Feb. 13: At the Winter Olympics in Pyeongchang-gun, South Korea, 17-year-old Chloe Kim made history by being the youngest woman to win an Olympic gold medal in snowboarding. Before the 2018 Winter Olympics, Kim was a four-time X Games gold medalist and the first woman to win two gold medals in snowboarding at the Youth Olympic Games. Kim is a Korean-American with parents who immigrated to the U.S. from South Korea. Kim’s win was a step forward in increasing Asian representation in sports.       

 

“Crazy Rich Asians” hits it big

Aug. 15: The movie “Crazy Rich Asians” was released, earning $235 million and becoming the highest grossing romantic comedy in a decade as well as the sixth-highest grossing movie ever. Rarely are Asian romantic comedies a success in mainstream Western media; however, according to The Hollywood Reporter, about 60 percent of the movie’s audience was of non-Asian. 
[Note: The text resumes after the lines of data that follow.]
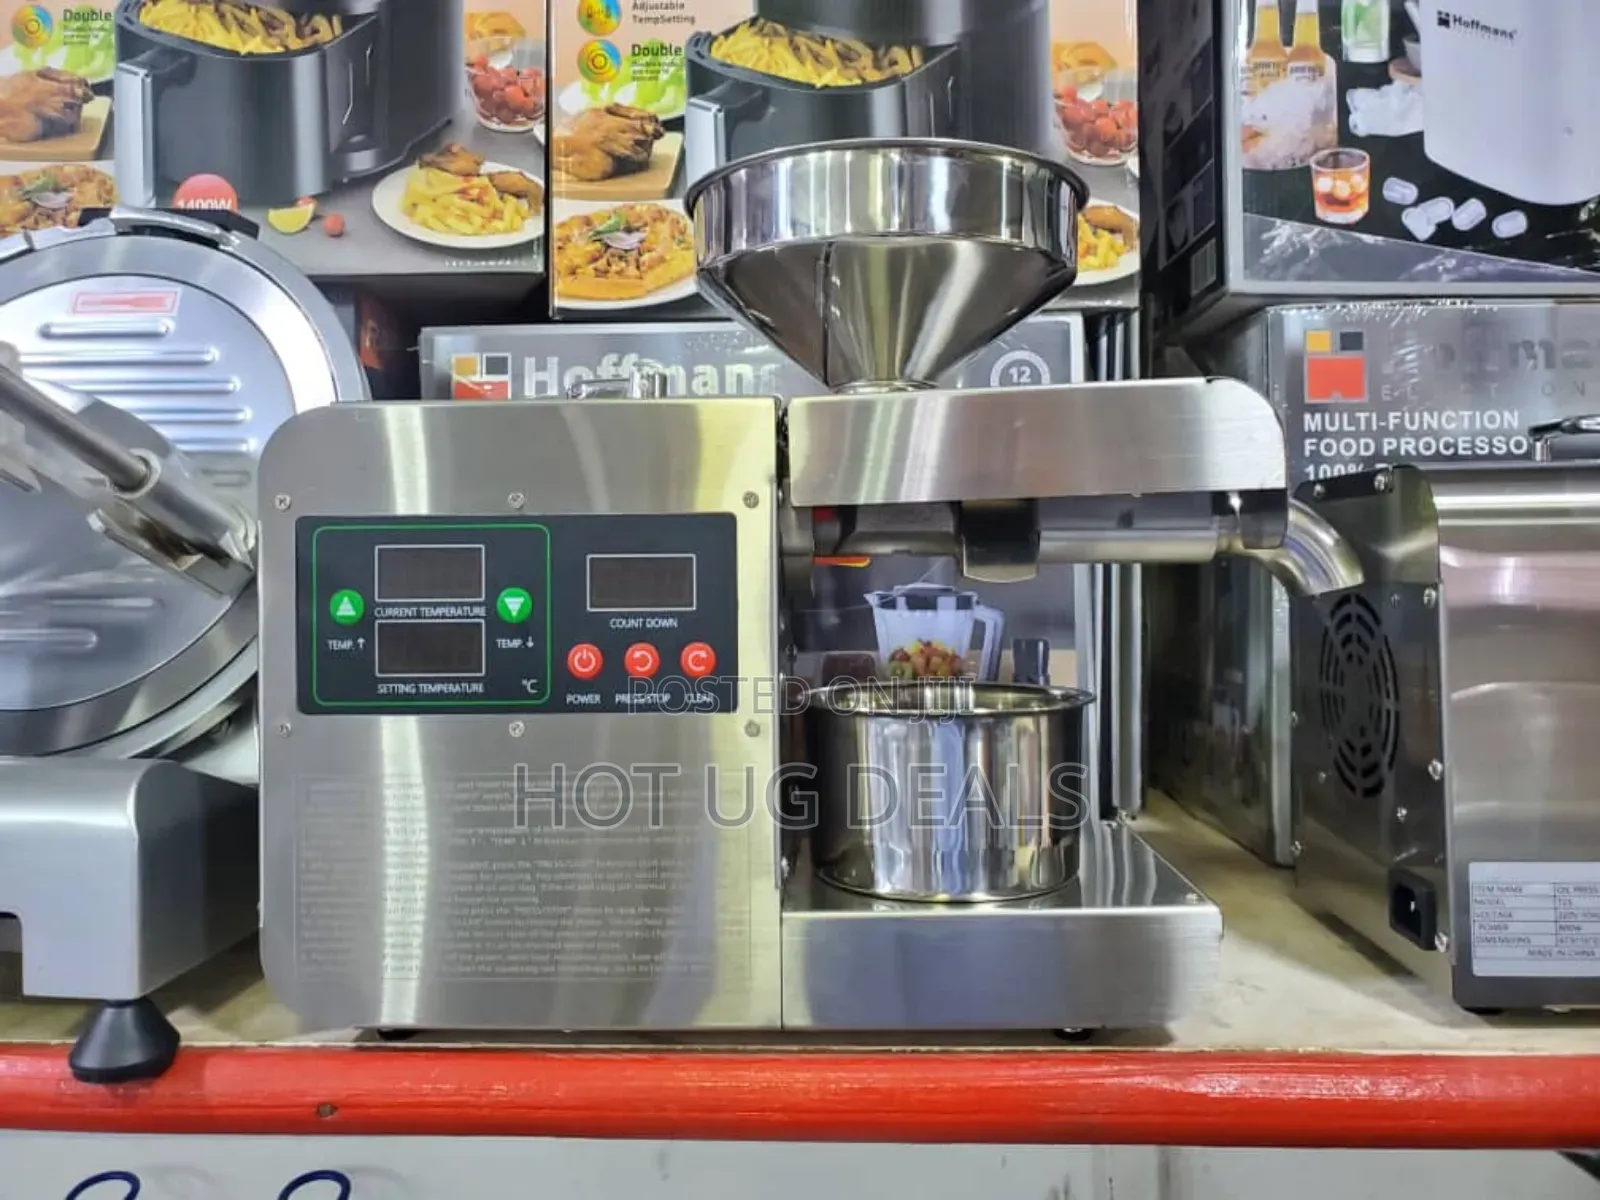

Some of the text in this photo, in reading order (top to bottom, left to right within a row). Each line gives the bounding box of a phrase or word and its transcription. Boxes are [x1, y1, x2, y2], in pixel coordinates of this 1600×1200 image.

[632, 1, 685, 12] Adjustable
[63, 8, 113, 21] Double
[632, 14, 696, 25] TempSetting
[631, 43, 683, 57] Double
[1008, 366, 1032, 383] 12
[1304, 410, 1520, 433] MULTI-FUNCTION
[1304, 436, 1532, 457] FOOD PROCESSO
[374, 606, 487, 617] CURRENT TEMPERATURE
[609, 618, 678, 628] COUNT DOWN
[376, 683, 484, 694] SETTING TEMPERATURE
[565, 693, 601, 704] POWER
The movie contains an all-Asian cast as well as an Asian director, Jon Chu. The characters are not portrayed as the stereotypical brainy, quiet Asian that many other films depict, inspiring the public to move away from stereotypes. Multiple producers had approached the novel’s author, Kevin Kwan, to make the main character, Rachel Chu, white; he spurned these choices and made a statement with the movie’s success.

 

“To All The Boys I’ve Loved Before” succeeds with an Asian female lead 

Aug. 17: The movie “To All the Boys I’ve Loved Before” was released on Netflix, representing another step forward in Asian representation in the entertainment industry with its Asian main character Lara Jean Covey, played by Vietnamese actress Lana Condor. “To All the Boys I’ve Loved Before” is one of Netflix’s most streamed original films and is seen as one of very few successful Asian romantic comedies. Numerous producers attempted to whitewash the film by making Lara Jean white; however, Jennifer Han, author of the book “To All the Boys I’ve Loved Before,” declined those offers, insisting that the character be Asian. 
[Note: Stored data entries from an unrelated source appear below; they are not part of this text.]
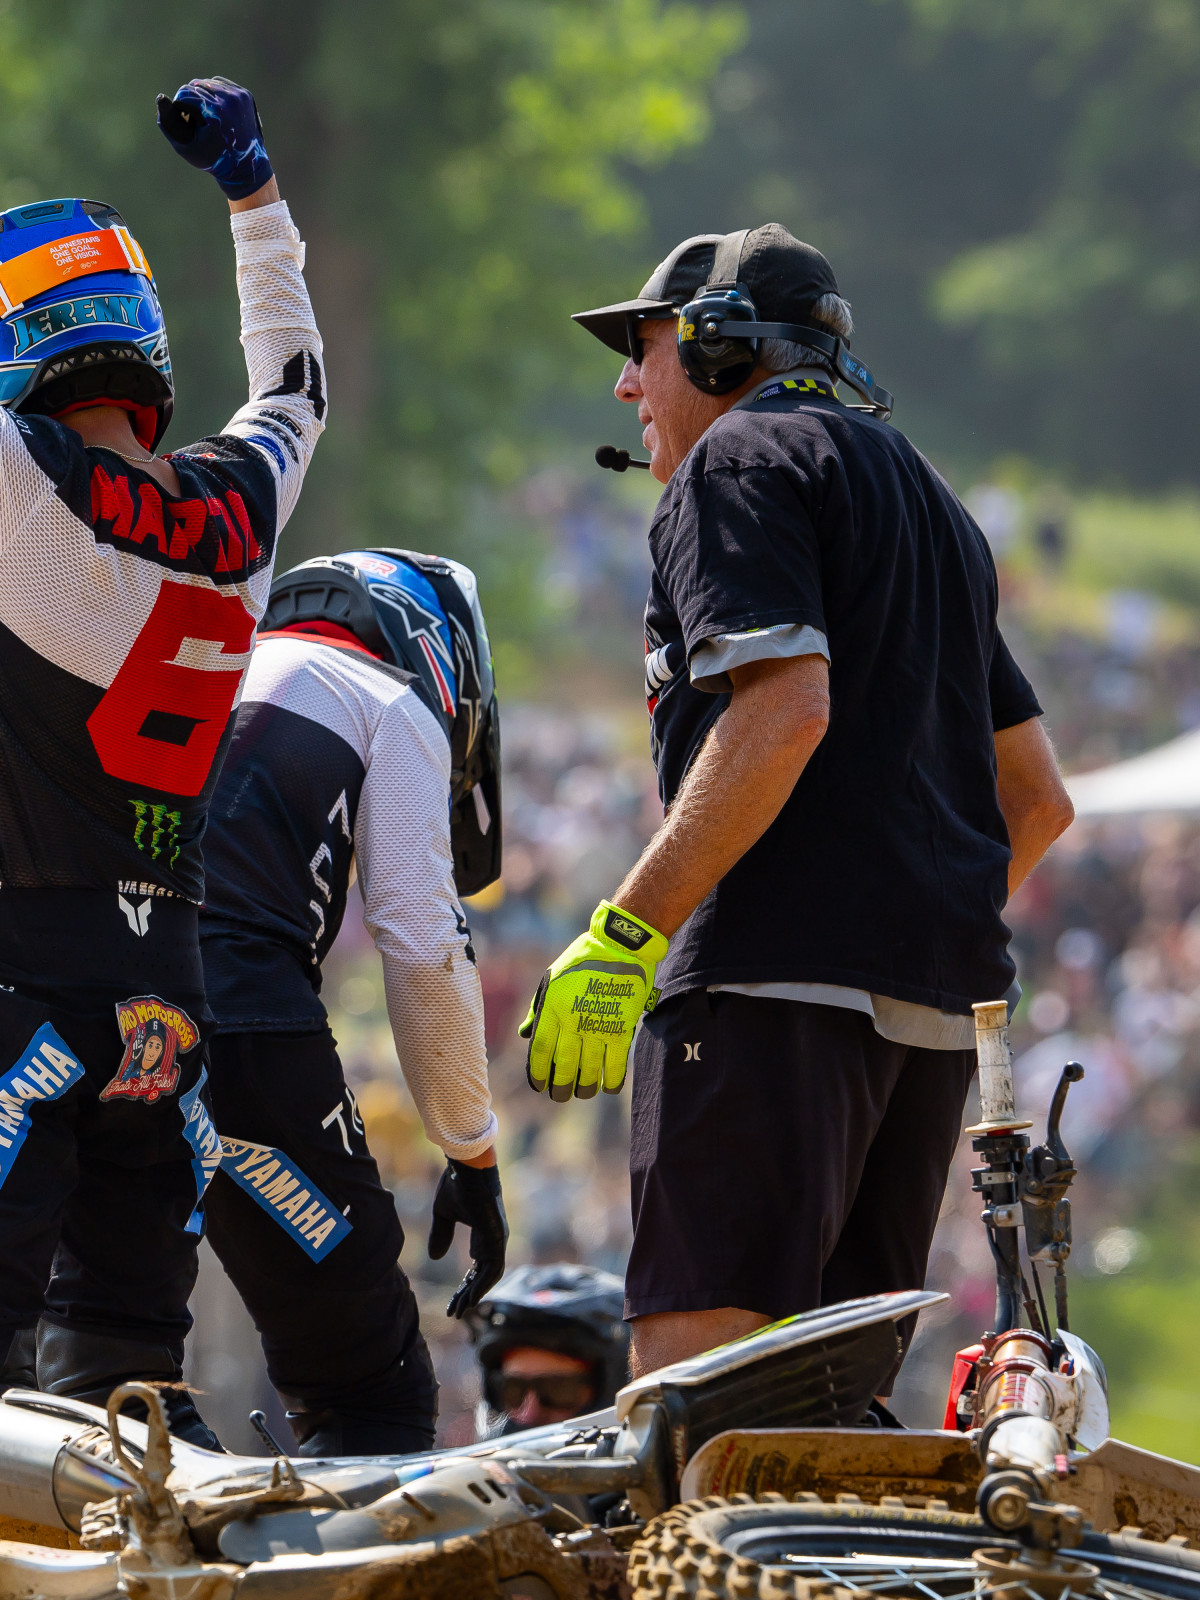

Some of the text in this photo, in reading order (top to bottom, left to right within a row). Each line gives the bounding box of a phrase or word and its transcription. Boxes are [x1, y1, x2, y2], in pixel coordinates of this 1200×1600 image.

[50, 236, 101, 254] ALPINESTARS
[52, 249, 71, 260] ONE
[56, 249, 102, 266] ONE VISION.
[8, 295, 144, 357] JEREMY
[86, 579, 257, 797] 6
[120, 1003, 194, 1047] PRO MOTOCROSS
[153, 1021, 158, 1030] 6
[235, 1148, 337, 1249] YAMAHA
Naomi Osaka wins U.S. Open in tennis

Sept. 8: At the 2018 tennis U.S. Open, Naomi Osaka represented Japan and defeated Serena Williams for the title of champion in the women’s singles. Osaka is now ranked fifth in the world. Previously, Osaka won the Indian Wells Open and made it to the third round in both Wimbledon and the French Open. 

On her way to the top Osaka has faced numerous hardships, specifically racism. After her win at the U.S. Open, a cartoonist depicted her as white, completely disregarding her Haitian and Japanese heritage. Despite the difficulties, Osaka’s win at the U.S. Open was another success for Asian women representation in sports.       
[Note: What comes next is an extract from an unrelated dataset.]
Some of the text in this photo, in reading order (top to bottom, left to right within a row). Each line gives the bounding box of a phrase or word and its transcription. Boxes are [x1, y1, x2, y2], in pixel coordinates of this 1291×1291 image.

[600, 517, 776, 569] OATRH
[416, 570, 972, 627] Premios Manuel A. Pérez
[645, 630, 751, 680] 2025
BTS Burns the Stage with new documentary

Nov. 15: Korean boy band BTS released a documentary, “Burn The Stage: The Movie,” which follows their lives on tour. The movie sold nearly 1 million pre-sale tickets and has reportedly grossed about $14 million. Additionally, it can be seen across 17 territories and had reached No. 10 in the U.S. box office. Throughout 2018, BTS has become more and more prominent, gaining an abundance of followers and raising Asian representation in both the media and the music industry.